EU makes no mention of gas price cap in latest Russian sanctions package
The EU has agreed an eighth package of sanctions against Russia over its invasion of Ukraine, the European Commission and the European Council announced on October 6, setting out a legal framework to implement an oil price cap proposed by the G7 nations, among other measures. However, the package does not cover a proposed cap on Russian gas prices.
The latest package introduces EU import bans worth €7bn ($6.9bn), aimed at curbing Russia's revenues, depriving Moscow's military of key components, technologies and supplies. It also "lays the basis for the required legal framework to implement the oil price cap envisaged by the G7," the commission said.

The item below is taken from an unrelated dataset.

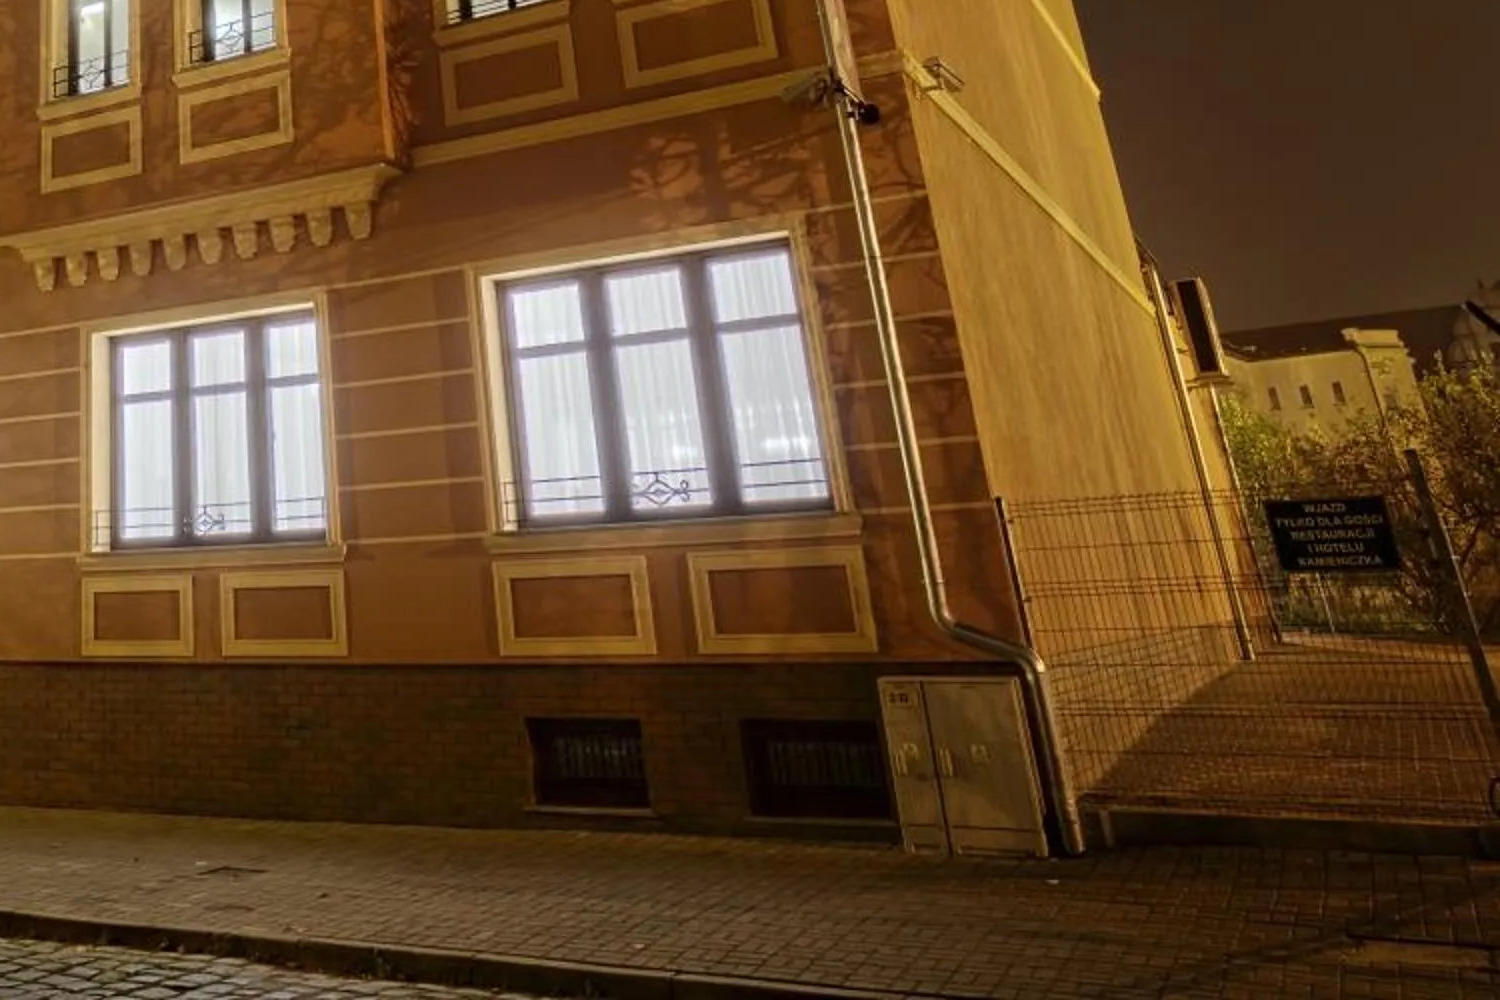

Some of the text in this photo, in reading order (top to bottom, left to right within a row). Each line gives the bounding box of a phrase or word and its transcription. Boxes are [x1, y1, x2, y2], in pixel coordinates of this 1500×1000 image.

Member states have been at odds over how a gas price cap should be implemented, and the fact that many members including France and Italy want to see it applied to gas from all suppliers and not only Russia, may mean it will be introduced outside the Russian sanctions. Others including Germany want governments to set a gas price and then cover the difference to the actual market import price. This would mean governments subsidising supplies, but could avoid suppliers diverting deliveries to markets where prices are higher.
European Commission president Ursula von der Leyen said on October 5 that the EU executive had begun working on a "temporary" measure to cap gas prices across the bloc. EU leaders are due to discuss it in a meeting on October 7.